**THE INPUT:**

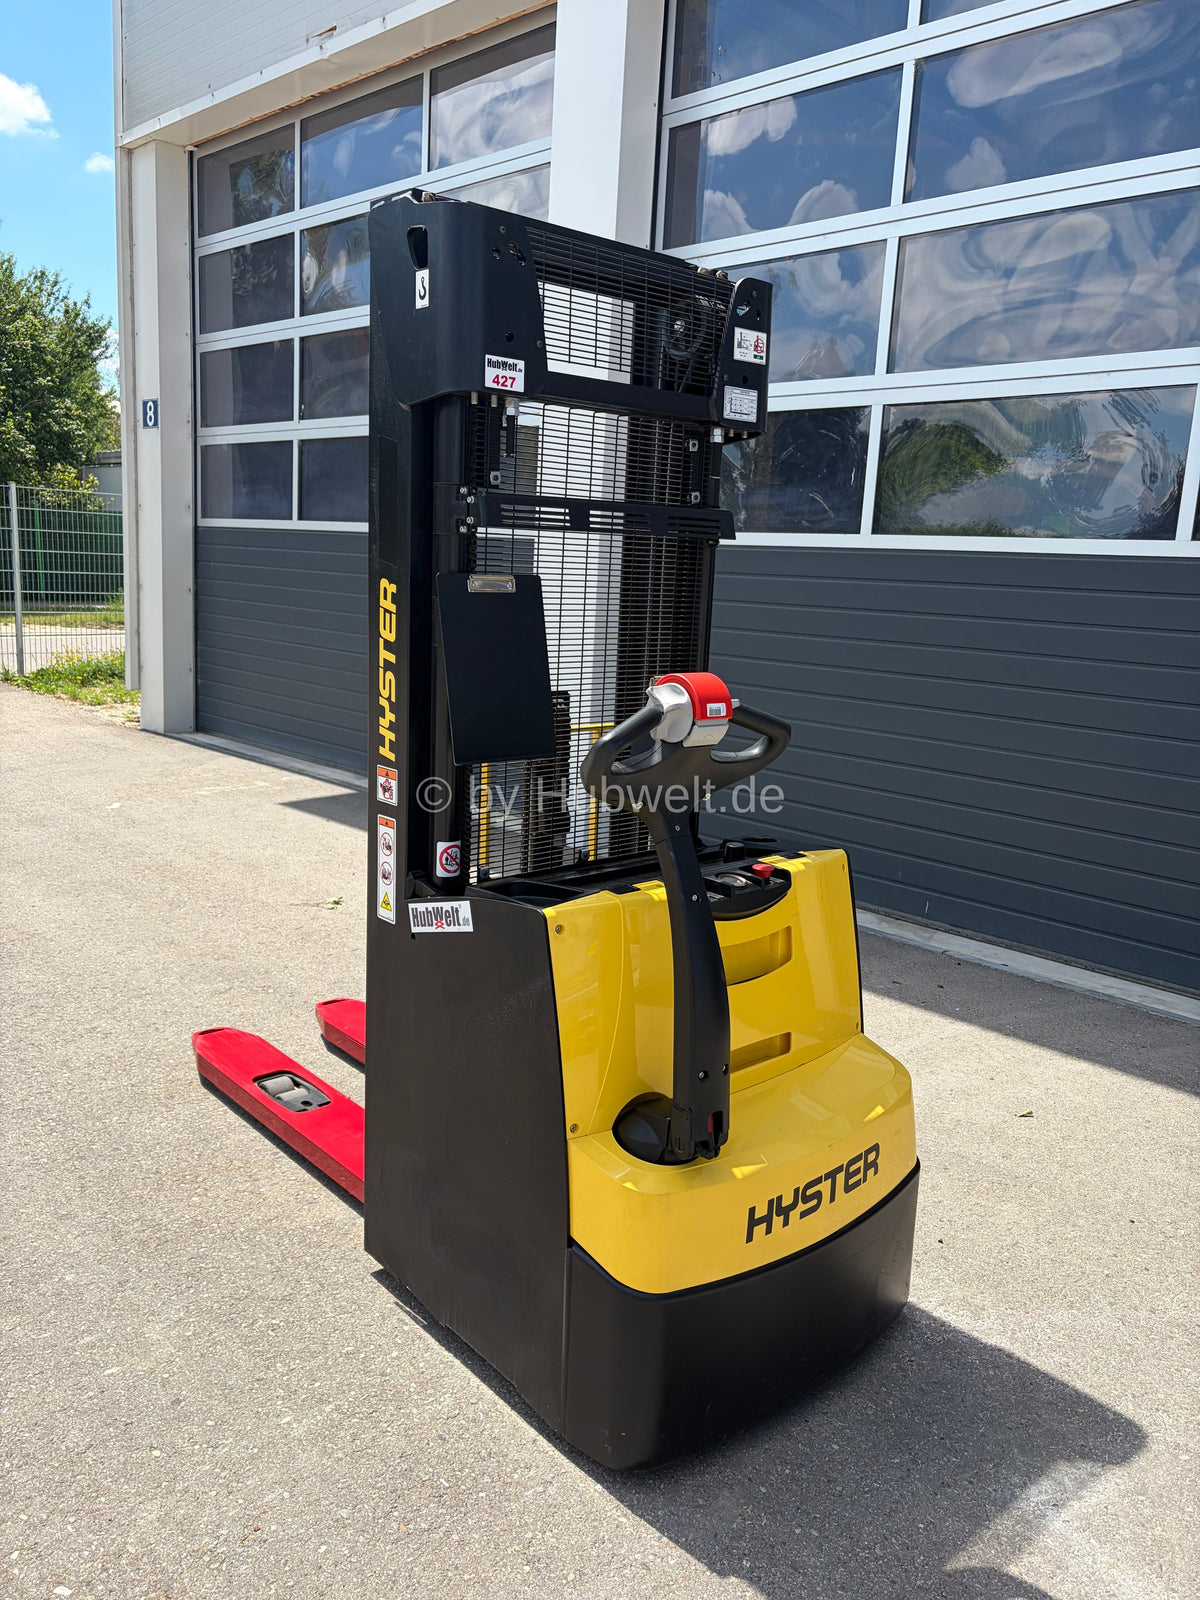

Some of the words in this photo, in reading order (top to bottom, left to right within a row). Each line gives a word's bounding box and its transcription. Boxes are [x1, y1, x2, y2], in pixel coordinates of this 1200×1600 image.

[492, 374, 516, 389] 427
[146, 401, 155, 427] 8
[378, 577, 397, 762] HYSTER
[745, 1142, 881, 1244] HYSTER
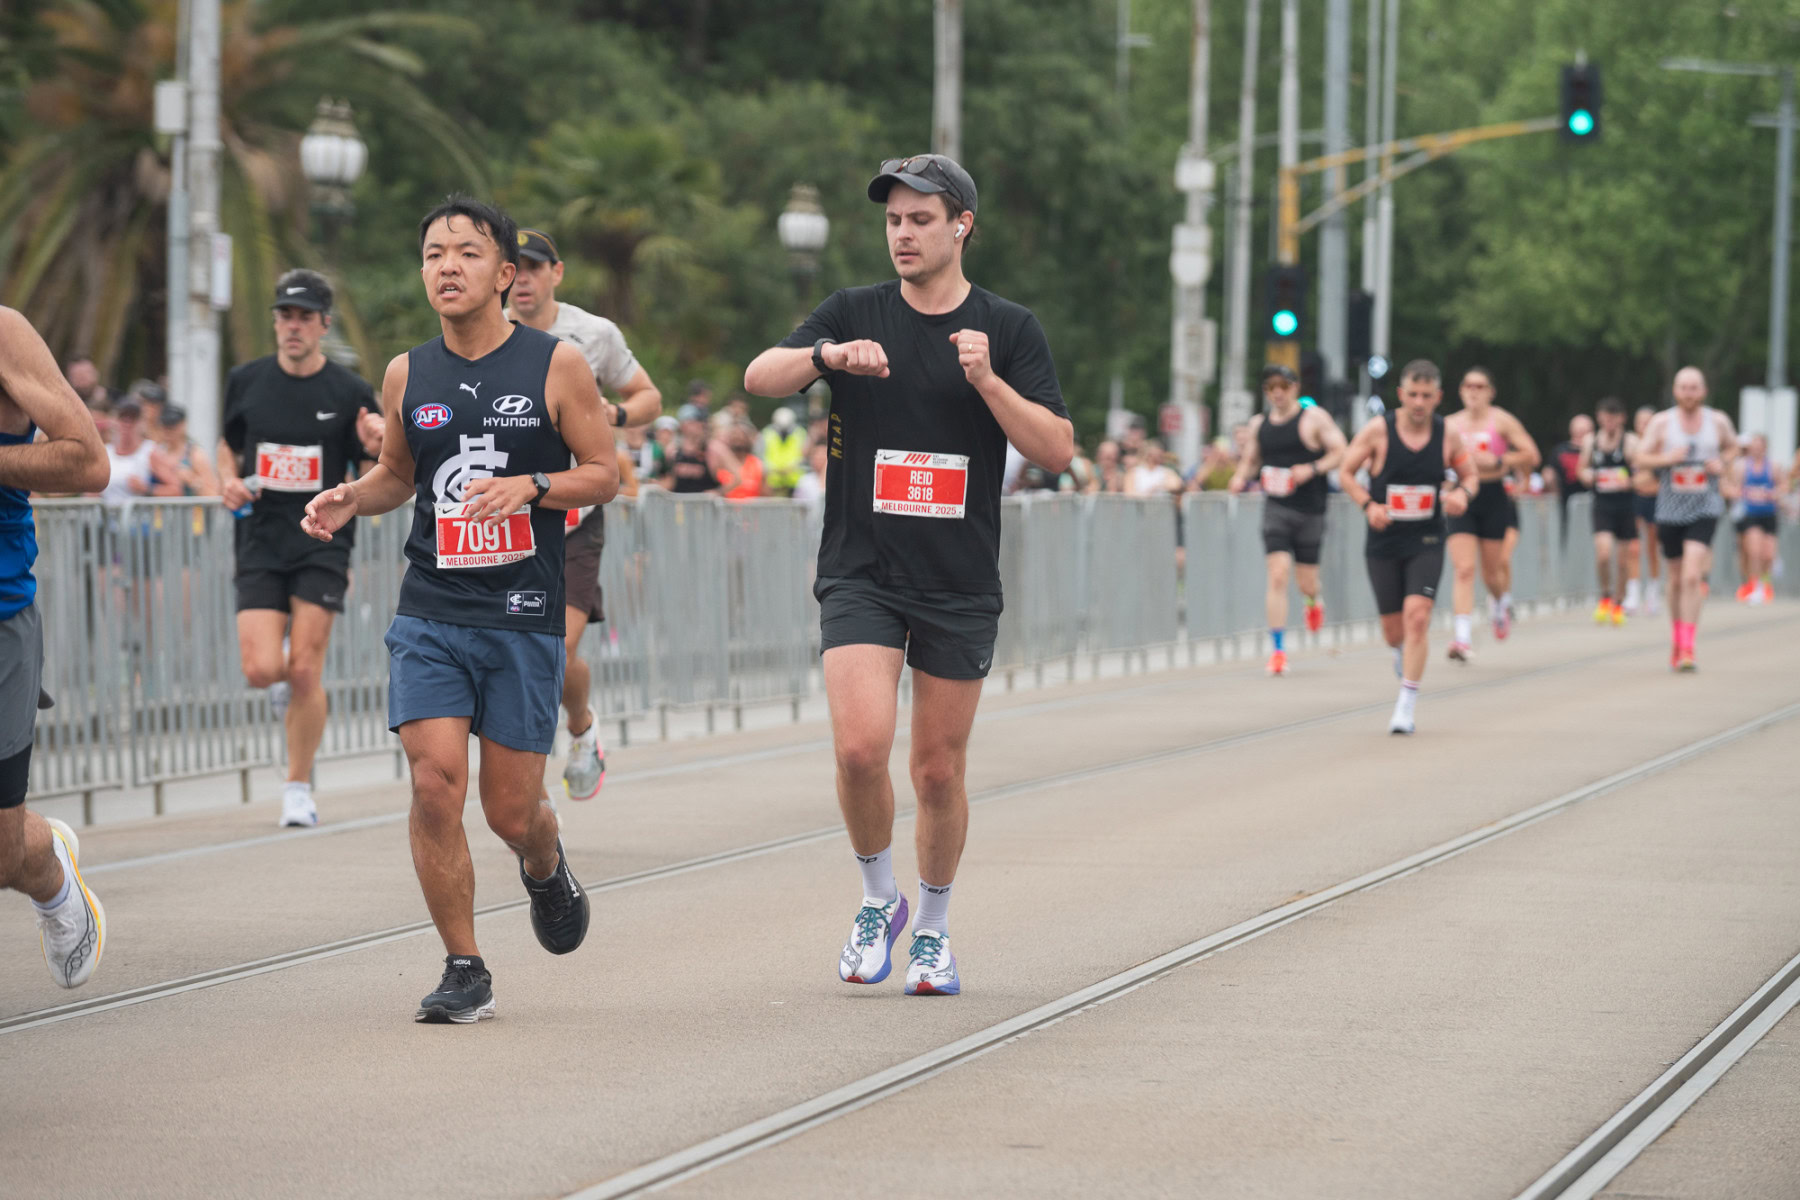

**REQUIRED ACTION:** In the answer, the data should reappear exactly, with no pictures.

**RESPONSE FOR THIS EXERCISE:**
Some of the words in this photo, in reading order (top to bottom, left to right within a row). Each line gives a word's bounding box and its transcription. Boxes are [x1, y1, x2, y2], in pixel coordinates of this 1200×1600 image.

[492, 374, 516, 389] 427
[146, 401, 155, 427] 8
[378, 577, 397, 762] HYSTER
[745, 1142, 881, 1244] HYSTER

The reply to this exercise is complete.